Copy the listing below exactly. Pictures stay out of it.
** Extracted information follows **
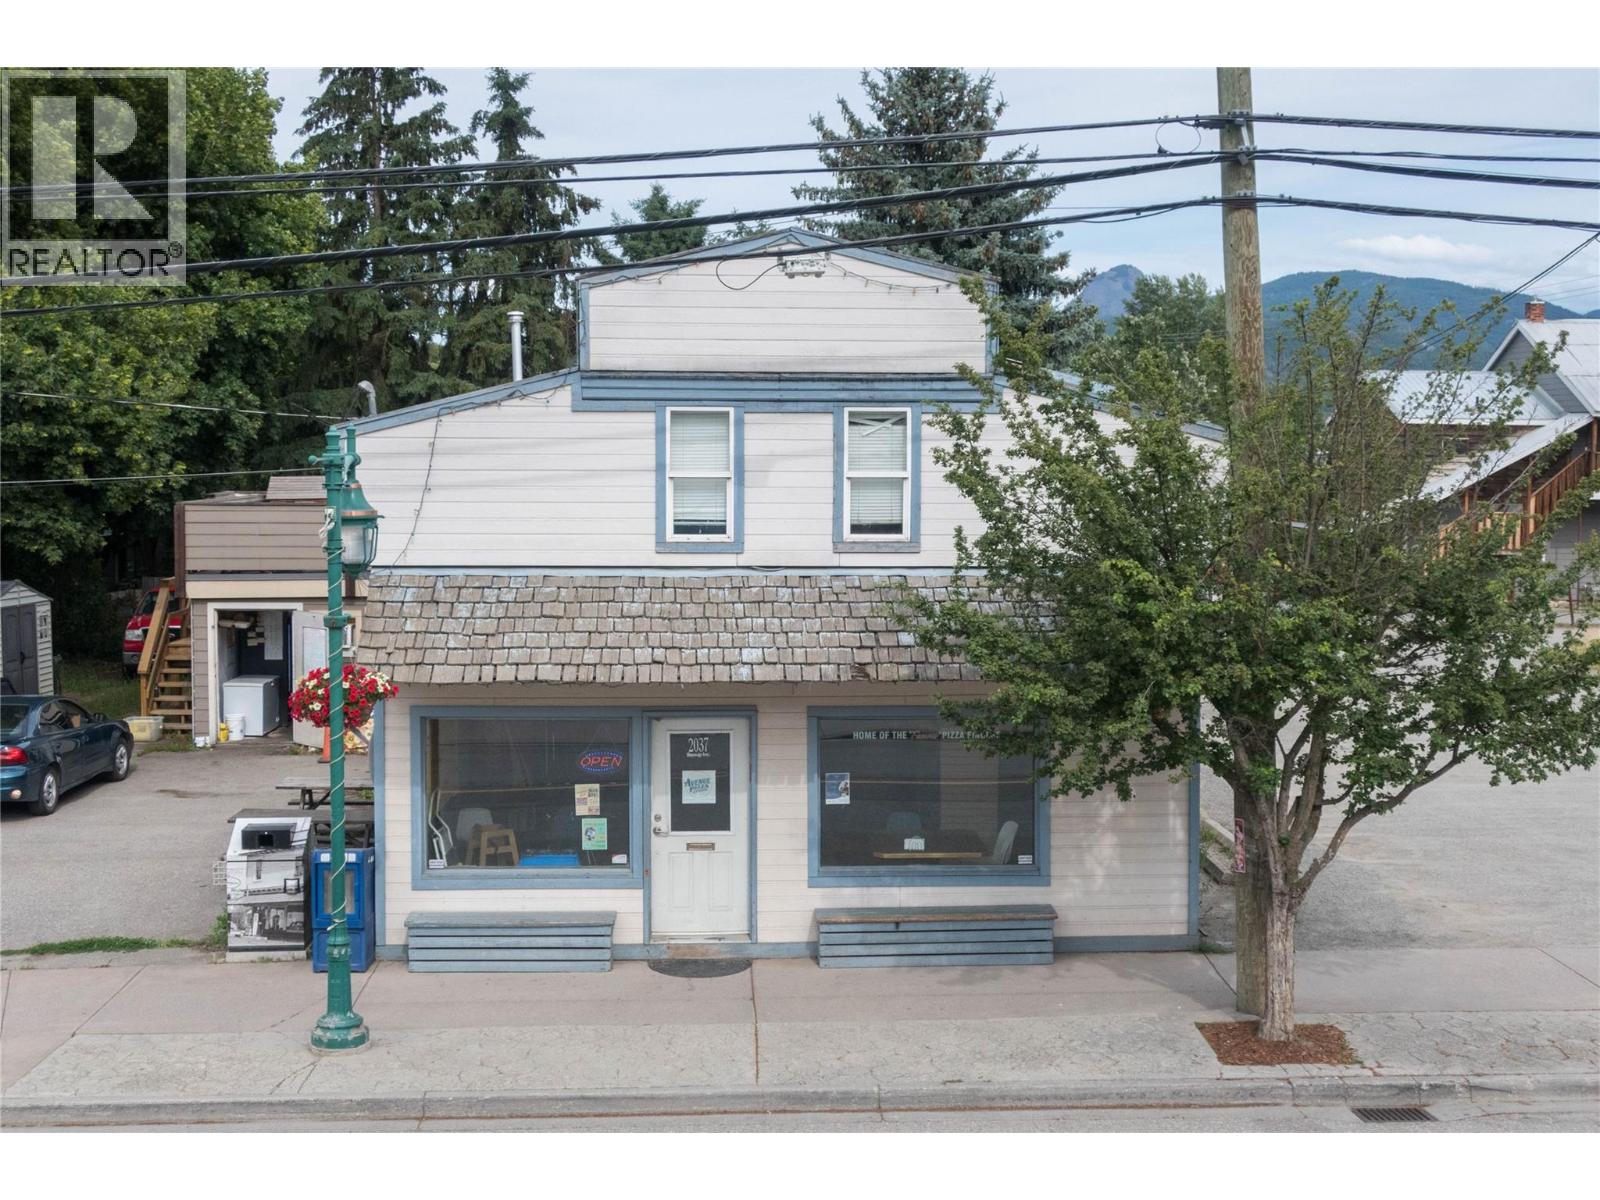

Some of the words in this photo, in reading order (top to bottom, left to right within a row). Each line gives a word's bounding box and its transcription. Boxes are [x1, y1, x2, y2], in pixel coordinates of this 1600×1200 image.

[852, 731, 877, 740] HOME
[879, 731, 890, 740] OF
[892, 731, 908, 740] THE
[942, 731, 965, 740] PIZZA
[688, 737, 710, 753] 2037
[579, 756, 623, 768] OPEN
** End of Extracted information **
Exercise result
Some of the words in this photo, in reading order (top to bottom, left to right within a row). Each line gives a word's bounding box and its transcription. Boxes are [x1, y1, x2, y2], in pixel coordinates of this 1600×1200 image.

[852, 731, 877, 740] HOME
[879, 731, 890, 740] OF
[892, 731, 908, 740] THE
[942, 731, 965, 740] PIZZA
[688, 737, 710, 753] 2037
[579, 756, 623, 768] OPEN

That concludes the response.